從GitHub Repo刮取文件路徑產生400響應，但在瀏覽器中查看正常工作

我試圖從鏈接中刪除所有文件路徑：https://github.com/themichaelusa/Trinitum/find/master，根本不使用GitHub API。從GitHub Repo刮取文件路徑產生400響應，但在瀏覽器中查看正常工作

上面的鏈接在HTML中包含一個data-url屬性（table，id ='tree-finder-results'，class ='tree-browser css-truncate'），用於製作這樣的URL ：https://github.com/themichaelusa/Trinitum/tree-list/45a2ca7145369bee6c31a54c30fca8d3f0aae6cd

，顯示這本字典：

{"paths":["Examples/advanced_example.py","Examples/basic_example.py","LICENSE","README.md","Trinitum/AsyncManager.py","Trinitum/Constants.py","Trinitum/DatabaseManager.py","Trinitum/Diagnostics.py","Trinitum/Order.py","Trinitum/Pipeline.py","Trinitum/Position.py","Trinitum/RSU.py","Trinitum/Strategy.py","Trinitum/TradingInstance.py","Trinitum/Trinitum.py","Trinitum/Utilities.py","Trinitum/__init__.py","setup.cfg","setup.py"]}

，當你在Chrome等瀏覽器中查看它。
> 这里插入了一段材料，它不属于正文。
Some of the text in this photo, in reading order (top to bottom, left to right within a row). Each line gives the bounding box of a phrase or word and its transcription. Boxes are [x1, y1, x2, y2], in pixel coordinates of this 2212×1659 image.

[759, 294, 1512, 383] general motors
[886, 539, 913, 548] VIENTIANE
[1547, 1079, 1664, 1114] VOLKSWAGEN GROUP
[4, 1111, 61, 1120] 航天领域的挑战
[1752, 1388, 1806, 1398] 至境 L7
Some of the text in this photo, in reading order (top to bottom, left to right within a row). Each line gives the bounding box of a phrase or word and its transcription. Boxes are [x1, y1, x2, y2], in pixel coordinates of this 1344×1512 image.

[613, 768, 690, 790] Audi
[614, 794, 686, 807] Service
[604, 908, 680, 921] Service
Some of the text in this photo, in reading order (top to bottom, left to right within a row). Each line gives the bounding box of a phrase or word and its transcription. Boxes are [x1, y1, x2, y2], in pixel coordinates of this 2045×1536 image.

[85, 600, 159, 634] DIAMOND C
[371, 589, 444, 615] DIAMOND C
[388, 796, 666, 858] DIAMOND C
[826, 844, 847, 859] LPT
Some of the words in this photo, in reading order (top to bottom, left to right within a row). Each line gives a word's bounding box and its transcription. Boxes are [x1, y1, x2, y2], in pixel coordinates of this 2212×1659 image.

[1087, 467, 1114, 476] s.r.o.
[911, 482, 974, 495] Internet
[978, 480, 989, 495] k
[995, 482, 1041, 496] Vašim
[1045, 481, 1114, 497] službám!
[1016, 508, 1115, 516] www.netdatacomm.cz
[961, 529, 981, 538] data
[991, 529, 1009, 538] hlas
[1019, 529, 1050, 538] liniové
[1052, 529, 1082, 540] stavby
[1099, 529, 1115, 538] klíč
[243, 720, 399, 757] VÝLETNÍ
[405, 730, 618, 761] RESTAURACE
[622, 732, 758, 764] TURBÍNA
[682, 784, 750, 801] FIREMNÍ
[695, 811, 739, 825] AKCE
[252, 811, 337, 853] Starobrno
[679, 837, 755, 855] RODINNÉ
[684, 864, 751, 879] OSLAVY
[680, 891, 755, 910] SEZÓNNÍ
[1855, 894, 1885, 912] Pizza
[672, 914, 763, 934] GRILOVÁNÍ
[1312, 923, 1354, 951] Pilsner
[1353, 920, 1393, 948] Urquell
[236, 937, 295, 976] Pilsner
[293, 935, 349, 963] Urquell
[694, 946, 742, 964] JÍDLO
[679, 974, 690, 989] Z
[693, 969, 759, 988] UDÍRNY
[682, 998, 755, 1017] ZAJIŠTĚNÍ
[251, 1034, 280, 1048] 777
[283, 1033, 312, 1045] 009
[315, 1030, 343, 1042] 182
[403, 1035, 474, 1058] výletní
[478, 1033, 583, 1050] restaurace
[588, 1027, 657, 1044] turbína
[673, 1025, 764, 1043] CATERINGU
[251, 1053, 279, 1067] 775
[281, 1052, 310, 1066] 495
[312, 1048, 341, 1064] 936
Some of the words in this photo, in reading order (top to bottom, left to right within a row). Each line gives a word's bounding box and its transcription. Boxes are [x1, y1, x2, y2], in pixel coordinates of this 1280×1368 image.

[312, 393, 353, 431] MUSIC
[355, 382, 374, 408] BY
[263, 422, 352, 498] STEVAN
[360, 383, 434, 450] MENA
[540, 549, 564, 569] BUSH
但是，GET請求產生<[400] Response>。

這裏是我使用的代碼：

username, repo = ‘themichaelusa’, ‘Trinitum’ 
ghURL = 'https://github.com' 
url = ghURL + ('/{}/{}/find/master'.format(self.username, repo)) 
html = requests.get(url) 
soup = BeautifulSoup(html.text, "lxml") 
repoContent = soup.find('div', class_='tree-finder clearfix') 
fileLinksURL = ghURL + str(repoContent.find('table').attrs['data-url']) 
filePaths = requests.get(fileLinksURL) 
print(filePaths)

不知道什麼是錯的。我的理論是，第一個鏈接創建一個cookie，允許第二個鏈接顯示我們定位的回購的文件路徑。我只是不確定如何通過代碼實現此目的。真的會感激一些指針！

來源

2017-10-05 Michael Usachenko

你注意'例子/ advanced_example.py'是不是相對於'的https：// github.com/themichaelusa/Trinitum /發現/ master'的，但是'的https ：// github.com/themichaelusa/Trinitum/blob/master'？ –

我的建議是使用瀏覽器的開發工具仔細控制實際發送的請求，打印'url'和'fileLinksURL'並進行比較。 –

給它一個去。包含.py文件的鏈接是動態生成的，因此要捕捉它們，您需要使用硒。我認爲這是你的預期。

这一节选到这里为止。